- Japanese instruction card
- Developer: Crux
- Publisher: Sega
- Director: Shunkō Miki
- Designers: Atsushi Kawaguchi Hiroyasu Kobayashi Minoru Harada
- Programmers: Shunkō Miki Tatsuya Uemura
- Composer: Tatsuya Uemura
- Platform: Arcade
- Release: JP/NA: June 1985;
- Genre: Fixed shooter
- Modes: Single-player, multiplayer
- Arcade system: Sega Kyugo

= Repulse (video game) =

1985 video game

 is a 1985 fixed shooter video game developed by Crux and published by Sega for arcades. In the game, players battle against the invading Aquila nation to defend Earth from world domination. The title is notable for being created by most of the same team that previously worked on several projects at Orca and Crux before both companies declared bankruptcy, after which a group of employees from the two gaming divisions would go on to form Toaplan.

== Gameplay ==

Gameplay screenshot

Repulse is a fixed shooter reminiscent of Space Invaders and Phoenix, in which the player controls a laser cannon by moving it across the bottom of the screen and firing at robotic enemies and descending alien spaceships through six stages, five of which host a boss at the end that must be defeated in order to progress further. The players' laser cannon is equipped with a limited force shield to endure any kind of enemy attacks, though its energy drains both while activated and whenever the ship gets hit. Power-ups are dropped by ally helicopters and ships that bring to the players a faster shot than the normal one and refills the laser cannon's force field meter. Reaching certain score thresholds by shooting at the enemies results in extra lives. Once all lives are lost, The game is over, unless the player inserts more credits into the arcade machine to continue playing.

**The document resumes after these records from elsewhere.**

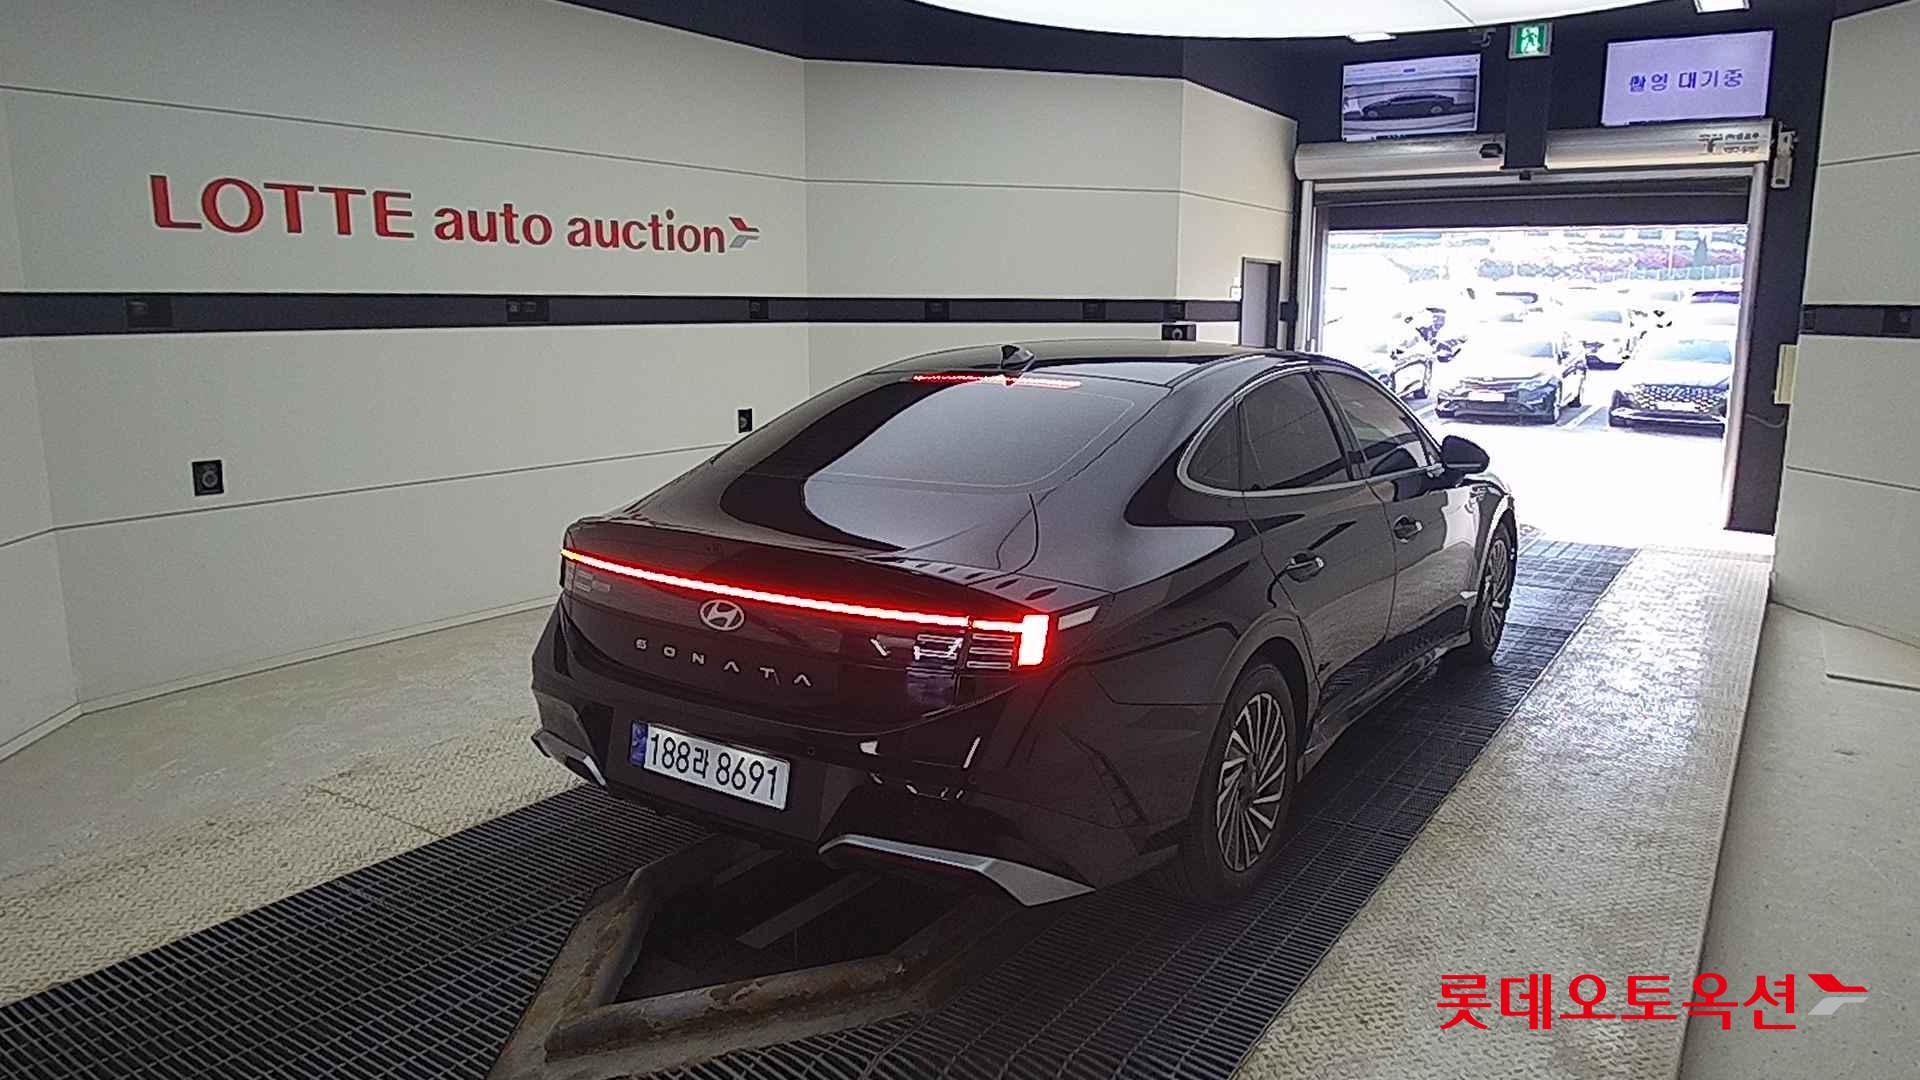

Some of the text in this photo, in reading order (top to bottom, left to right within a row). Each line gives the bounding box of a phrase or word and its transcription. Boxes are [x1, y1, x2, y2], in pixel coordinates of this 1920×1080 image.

[1678, 68, 1744, 89] 대기중
[149, 174, 726, 254] LOTTE auto auction
[635, 638, 812, 688] SONATA
[650, 733, 710, 780] 188라
[715, 752, 779, 801] 8691

== Development and release ==
Repulse was created by most of the same team that previously worked on several projects at Orca and Crux before both companies declared bankruptcy, after which a group of employees from the two gaming divisions would go on to form Toaplan. Shunkō Miki served as the project's director, who shared the role of programmer with composer Tatsuya Uemura alongside designers Atsushi Kawaguchi, Hiroyasu Kobayashi and Minoru Harada. Uemura recounted the title's development process and history through various Japanese publications, stating that development lasted six months and worked on the project in conjunction with Performan for Toaplan, who recruited him for sound design, while he still formed part of Crux.

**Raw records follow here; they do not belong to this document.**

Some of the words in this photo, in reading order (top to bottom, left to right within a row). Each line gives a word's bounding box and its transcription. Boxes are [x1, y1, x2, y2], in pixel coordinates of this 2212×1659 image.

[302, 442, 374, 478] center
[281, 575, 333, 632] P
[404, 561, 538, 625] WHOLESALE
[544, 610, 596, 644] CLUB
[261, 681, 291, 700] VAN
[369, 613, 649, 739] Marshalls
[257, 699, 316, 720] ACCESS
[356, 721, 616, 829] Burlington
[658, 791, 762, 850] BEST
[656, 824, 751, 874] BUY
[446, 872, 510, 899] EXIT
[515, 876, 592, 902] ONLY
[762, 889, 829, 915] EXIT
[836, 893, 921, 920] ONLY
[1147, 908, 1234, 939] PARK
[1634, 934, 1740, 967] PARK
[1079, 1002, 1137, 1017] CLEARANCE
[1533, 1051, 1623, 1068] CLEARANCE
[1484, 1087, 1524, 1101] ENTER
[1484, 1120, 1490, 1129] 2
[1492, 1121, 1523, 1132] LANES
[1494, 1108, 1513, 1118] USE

Repulse was released in arcades by Sega in June 1985. The game was one of the three titles that ran on Sega's Kyugo hardware. It was later renamed 99: The Last War when licensed to Kyugo, who developed the hardware, and Proma.

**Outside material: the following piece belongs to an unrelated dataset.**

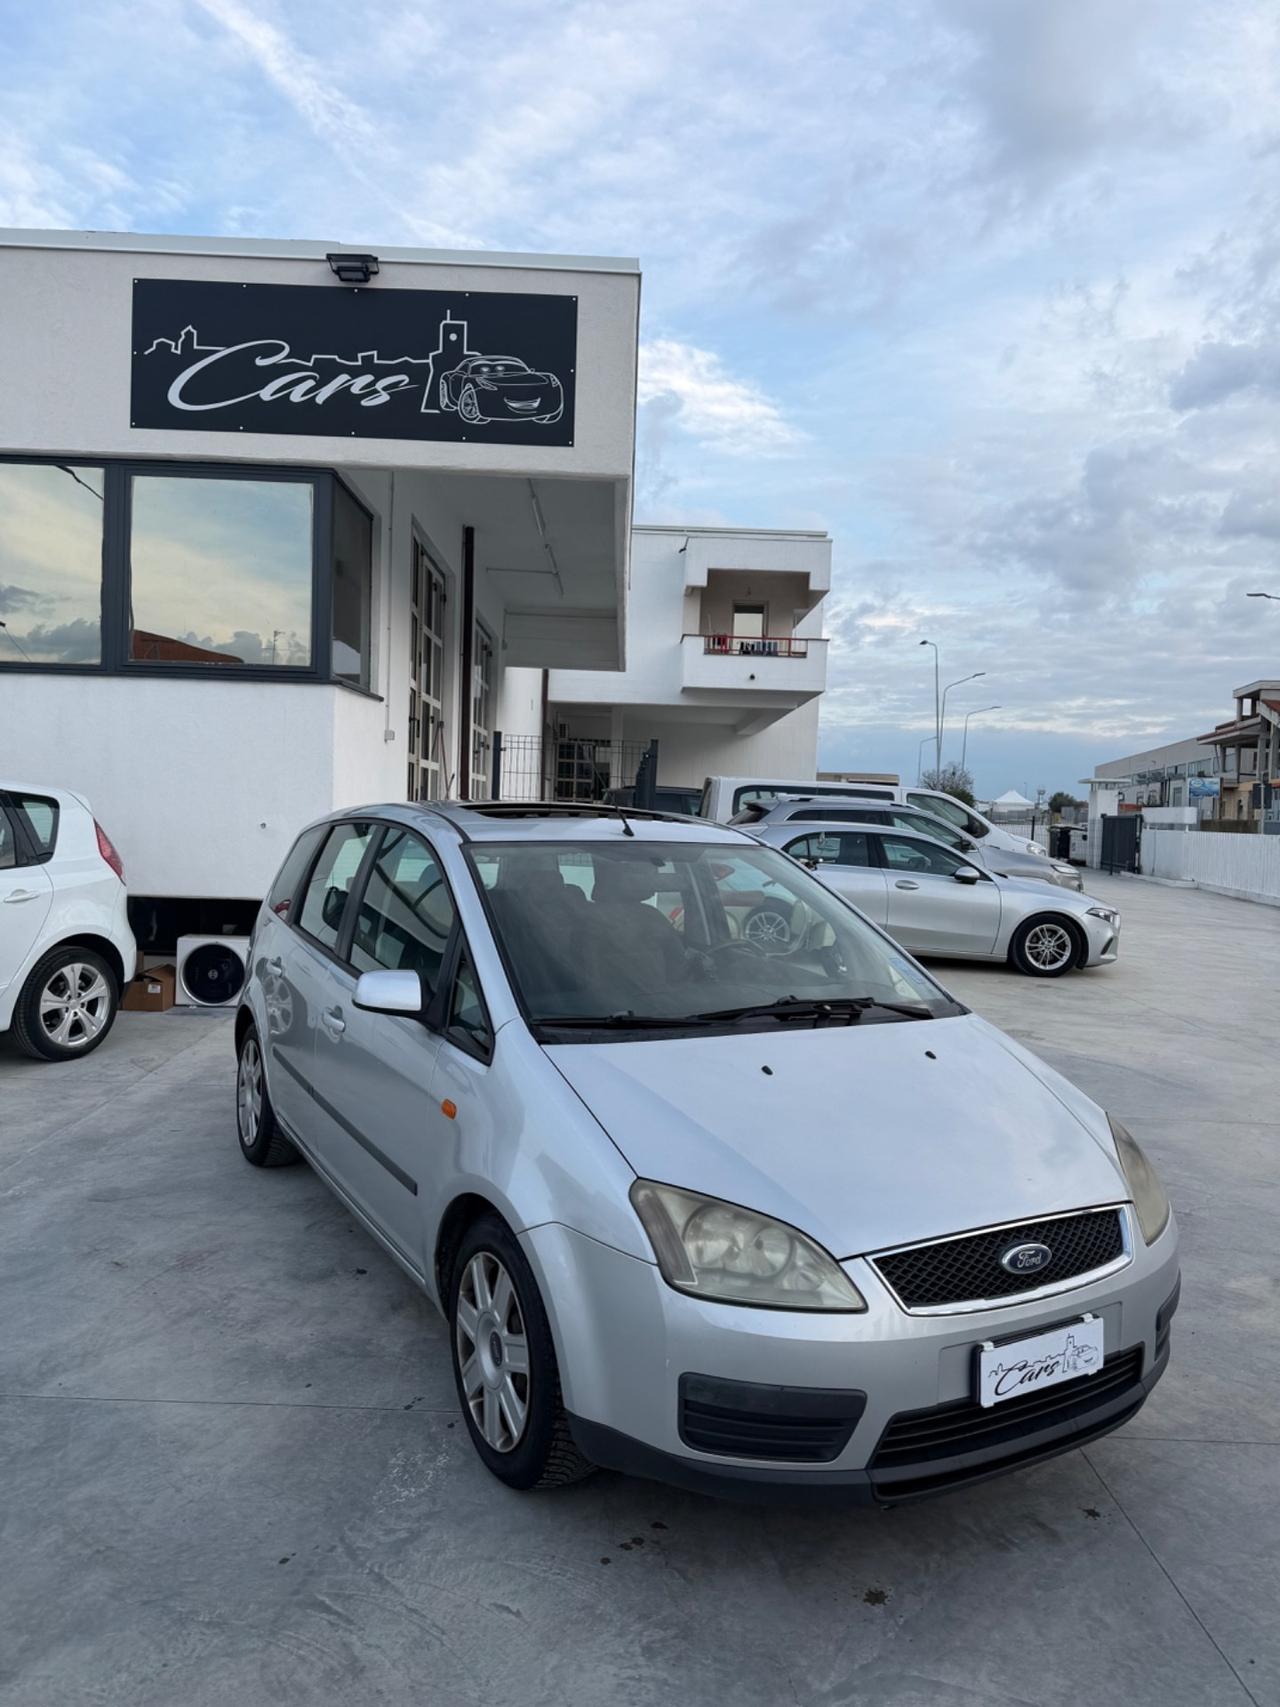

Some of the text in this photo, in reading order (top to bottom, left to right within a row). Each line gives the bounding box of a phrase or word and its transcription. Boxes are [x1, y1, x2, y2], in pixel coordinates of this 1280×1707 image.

== Reception and legacy ==
Though Repulse saw success in its first few months on the market, the game did not garner attention from arcade players. The project became the last title developed by Crux to be released, as the company was dissolved during its development due to bankruptcy. Most of the former Crux members would later join Toaplan. A bootleg version of the game titled Son of Phoenix was also released.